Kinda looks like spalted apple. That's about the right size for a crack free piece as well.


----------



## NCWoodArt

Kinda looks like our Red Oak down here but we use it all the time not so much a junk wood.


----------



## DKMD

Willow?


----------



## shadetree_1

Sorry guys it is not cottonwood or apple or red oak or willow!


----------



## shadetree_1

Joe Rebuild said:


> That end grain could almost pass for sweetgum? Don't think it is just a shot in the dark



No sir, not sweetgum.


----------



## Dusty

Whatever it is, I like it. How about Honey Locust?


----------



## shadetree_1

Dusty said:


> Whatever it is, I like it. How about Honey Locust?
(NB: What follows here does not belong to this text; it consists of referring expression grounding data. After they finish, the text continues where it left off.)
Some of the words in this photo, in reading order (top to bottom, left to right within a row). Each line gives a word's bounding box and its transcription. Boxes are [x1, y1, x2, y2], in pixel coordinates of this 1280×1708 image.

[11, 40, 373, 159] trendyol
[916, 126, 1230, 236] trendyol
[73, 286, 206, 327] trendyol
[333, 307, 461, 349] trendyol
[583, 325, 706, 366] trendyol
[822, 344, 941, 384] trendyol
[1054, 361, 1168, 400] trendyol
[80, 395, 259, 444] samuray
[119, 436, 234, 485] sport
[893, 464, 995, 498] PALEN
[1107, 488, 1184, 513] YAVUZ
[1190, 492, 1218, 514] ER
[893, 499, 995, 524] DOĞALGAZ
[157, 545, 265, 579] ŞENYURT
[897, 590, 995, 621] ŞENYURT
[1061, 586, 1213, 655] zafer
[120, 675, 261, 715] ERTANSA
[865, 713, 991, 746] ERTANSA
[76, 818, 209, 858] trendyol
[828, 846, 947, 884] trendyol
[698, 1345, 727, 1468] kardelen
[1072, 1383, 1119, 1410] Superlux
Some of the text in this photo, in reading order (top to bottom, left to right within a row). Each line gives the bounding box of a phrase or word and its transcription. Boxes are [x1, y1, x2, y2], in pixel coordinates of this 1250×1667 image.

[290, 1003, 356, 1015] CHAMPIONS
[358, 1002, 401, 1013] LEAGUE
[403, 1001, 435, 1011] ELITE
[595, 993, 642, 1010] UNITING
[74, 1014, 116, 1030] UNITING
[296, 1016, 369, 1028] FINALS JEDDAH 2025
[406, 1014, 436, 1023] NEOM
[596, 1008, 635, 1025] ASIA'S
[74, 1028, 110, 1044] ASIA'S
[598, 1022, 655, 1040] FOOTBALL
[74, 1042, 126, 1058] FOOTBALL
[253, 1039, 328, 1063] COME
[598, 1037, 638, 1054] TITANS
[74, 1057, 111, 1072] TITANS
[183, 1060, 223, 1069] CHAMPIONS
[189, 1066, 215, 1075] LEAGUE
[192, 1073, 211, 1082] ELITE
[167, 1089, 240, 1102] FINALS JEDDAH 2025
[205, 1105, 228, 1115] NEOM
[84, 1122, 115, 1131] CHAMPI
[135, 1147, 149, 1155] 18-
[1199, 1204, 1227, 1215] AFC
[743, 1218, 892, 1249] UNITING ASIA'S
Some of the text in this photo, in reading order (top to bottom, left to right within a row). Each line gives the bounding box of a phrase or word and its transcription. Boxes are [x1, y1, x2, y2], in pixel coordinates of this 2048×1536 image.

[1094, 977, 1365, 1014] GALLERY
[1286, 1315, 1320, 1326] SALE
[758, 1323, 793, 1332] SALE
Sorry my friend, not Honey Locust.


----------



## barry richardson

Are these pictures a typical representation of the wood? looks like Koa, but of course that doesn't match any of your info.... I'm stumped.


----------



## shadetree_1

barry richardson said:


> Are these pictures a typical representation of the wood? looks like Koa, but of course that doesn't match any of your info.... I'm stumped.



Hey Barry,

This is typical of a tree that has been dead for about 5 years, barkless and weathered and somewhat spalted.


----------



## The_Architect_23

avocado FTW :wacko1:


----------



## shadetree_1

The_Architect_23 said:


> avocado FTW :wacko1:



No sorry Andrew, not Avacado. it's :censored2:


----------



## drycreek

Chinaberry


----------



## shadetree_1

drycreek said:


> Chinaberry



No sir, not Chinaberry.


----------



## kweinert

Bradford Pear?


----------



## shadetree_1

kweinert said:


> Bradford Pear?



No sir, not pear.


----------



## Mike Jones

Mimosa?


----------



## shadetree_1

Mike Jones said:


> Mimosa?



No not Mimosa.


----------



## barry richardson

Eucalyptus...


----------



## shadetree_1

barry richardson said:


> Eucalyptus...



No sir.


----------



## shadetree_1

Most people here in Arizona won't even pick this wood up to burn in their campfire much less in their fireplace at home because when burnt it smells like someone has peed on it and you all know how bad that smells. So they walk past it and step over it and leave it to rot!


----------



## BangleGuy

Being a long time resident of Arizona, I have to guess Palo Verde. Even though I have never cut one open.


----------



## wade

Well I can't wait to see the answer, because I have had a piece strikingly similar to this for 5 years, and for the life of me, I haven't been able to figure out what it is. I picked it up at the city's brush dump site in central Texas. Someone hurry up and get it...........I've been waiting for 5 years.........:dash2:


----------



## shadetree_1

BangleGuy said:


> Being a long time resident of Arizona, I have to guess Palo Verde. Even though I have never cut one open.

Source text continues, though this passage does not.